Tre donne oltre il limite
di Carmelo La Carrubba

 

La scrittura letteraria di Francesco Randazzo prima e quella scenica dopo nello spettacolo “Tre donne oltre il limite” di cui cura la regia in scena dall’1 al 3 aprile 2016 al Teatro Musco per lo Stabile di Catania, sono l’espressione di uno scrittore che sa scavare nell’animo umano con delicata fermezza e nello stesso tempo sa giudicare una società strappandole il velo dell’ipocrisia. Il racconto scenico si snoda attraverso il monologo e la rappresentazione di tre episodi che narrano di tre donne in un atto unico della durata di 55 minuti attraverso il loro percorso di vita che va oltre il limite dell’ipocrisia e del perbenismo, dei falsi pudori e dei falsi principi. Il segno della verità sta nella profonda sincerità della protagonista nella interpretazione e nella resa straordinaria di un’attrice di talento, Rossana Veracierta, che ha svelato l’animo di tre figure di donne in maniera indelebile.
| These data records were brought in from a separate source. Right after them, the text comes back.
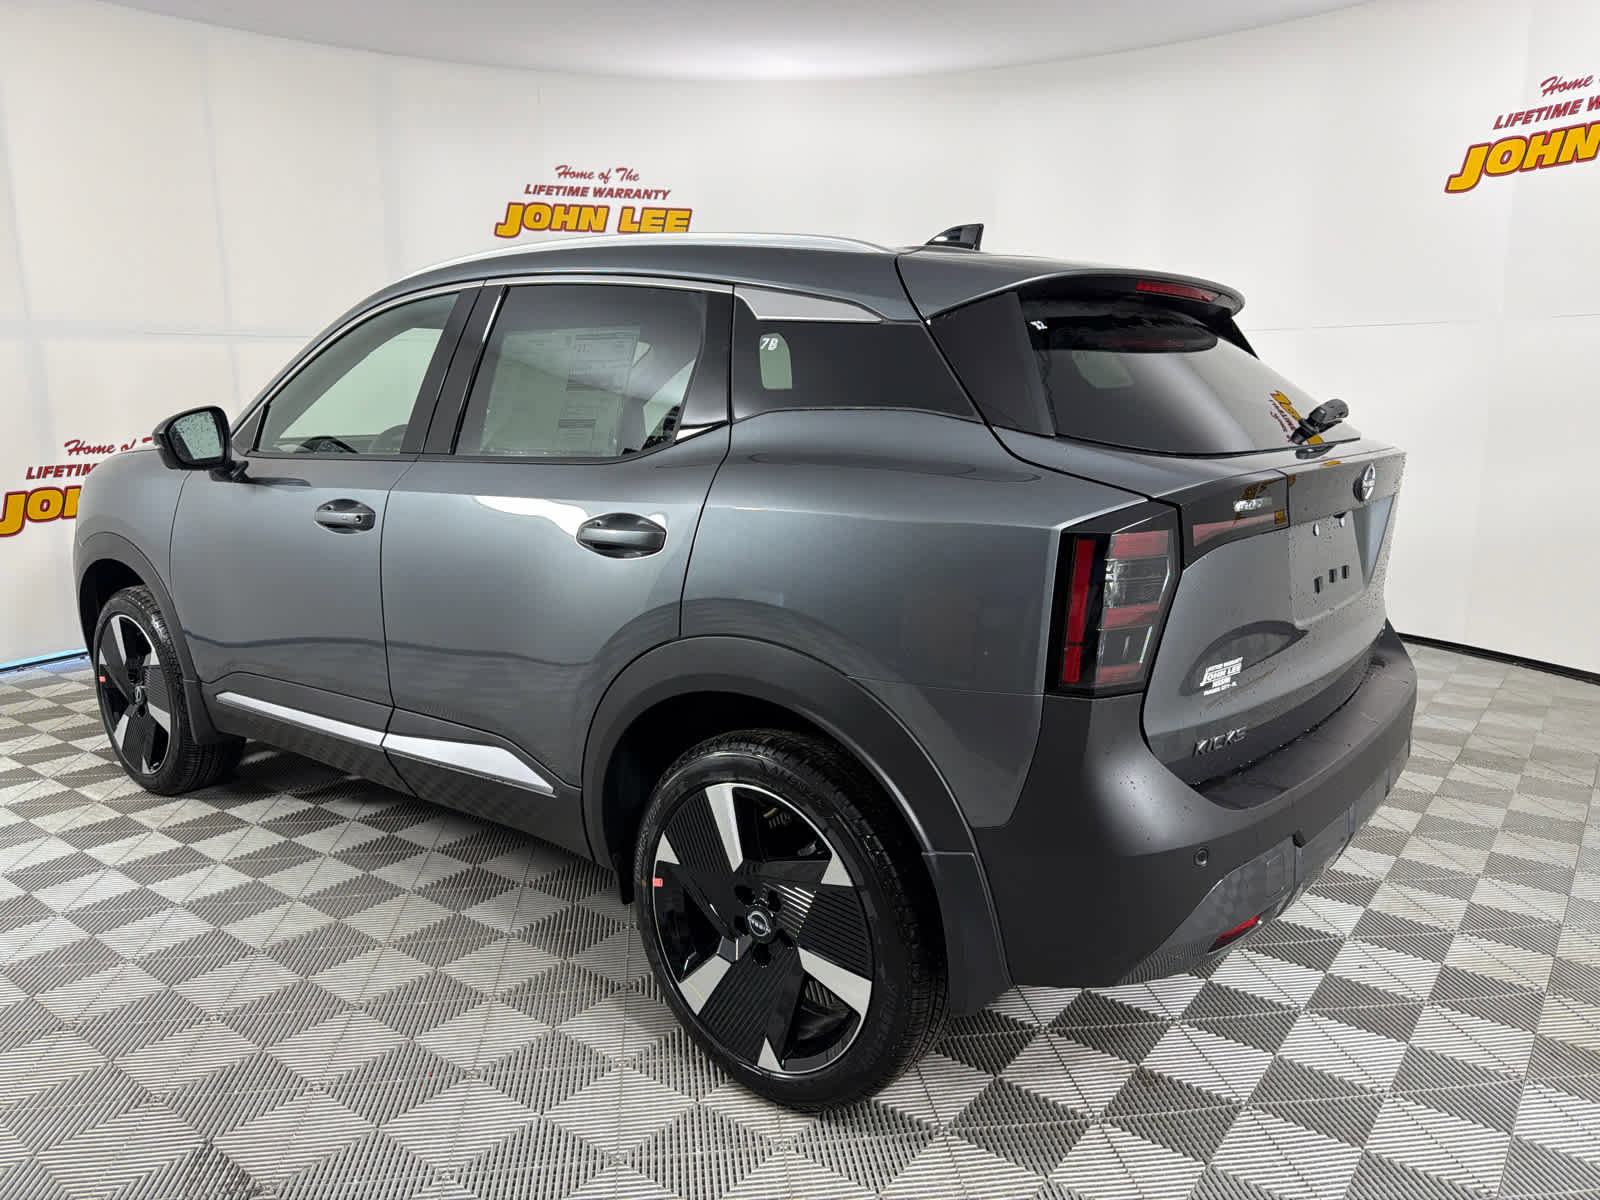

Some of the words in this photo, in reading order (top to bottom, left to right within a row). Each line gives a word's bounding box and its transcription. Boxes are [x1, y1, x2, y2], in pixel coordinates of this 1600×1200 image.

[1540, 75, 1593, 97] Home
[1493, 98, 1584, 130] LIFETIME
[1444, 120, 1600, 194] JOHN
[555, 164, 594, 181] Home
[598, 168, 612, 183] of
[615, 167, 640, 182] The
[524, 184, 590, 198] LIFETIME
[592, 186, 671, 200] WARRANTY
[494, 201, 610, 238] JOHN
[617, 206, 692, 233] LEE
[64, 439, 116, 456] Home
[26, 463, 101, 480] LIFETIM
Il primo episodio “Piatti rotti” è la confessione di una trentenne, dei suoi errori di giovane donna che si discolpa ma nello stesso tempo accusa la madre – che si era eretta a giudice - di aver commesso i suoi stessi errori pareggiando il conto fra passato e presente. I piatti rotti o meglio i loro cocci venivano conservati in scatole di cartone vuote come in un cimitero degli errori a documentazione di quanto in una famiglia possa essere grande il deposito delle loro mostruosità.
Nel secondo “Verso il muro di fronte” è l’agghiacciante esperienza durante la guerra che fa – sfuggendo alla sua morte pur colpita da un cecchino che le ha sparato dal muro di fronte.
Infine la confessione che è una denuncia verso l’ipocrisia degli uomini e di una società che lo consente, di “Puta”, una giovane prostituta extracomunitaria, che, senza peli sulla lingua, senza documenti, senza né speranze né illusioni, ogni sera affronta una realtà spietata.
Rossana Varacieerta è queste tre donne che hanno in comune dolore e umiliazione ma personalità e vissuto diverso: Ella ha trovato toni e modi per metterne a nudo cuore e mente attraverso il sommesso uso della voce nell’intima confessione della ragazza che ha peccato ma che sa redarguire la madre che ha commesso il suo stesso errore. Eppoi è stata colei che ha visto – come si suole dire – la morte con gli occhi, non solo documentandone freddamente l’esperienza vissuta..
Ma è in “Puta” svelando e rivisitando il vissuto del suo lavoro che la Veracierta trova nell’eloquenza del suo corpo, nell’espressiva gestualità e nella durezza realistica della parola gli elementi fondanti di accusa verso l’operato dell’uomo e della società.
Una splendida interpretazione ben gradita dal pubblico con scroscianti applausi.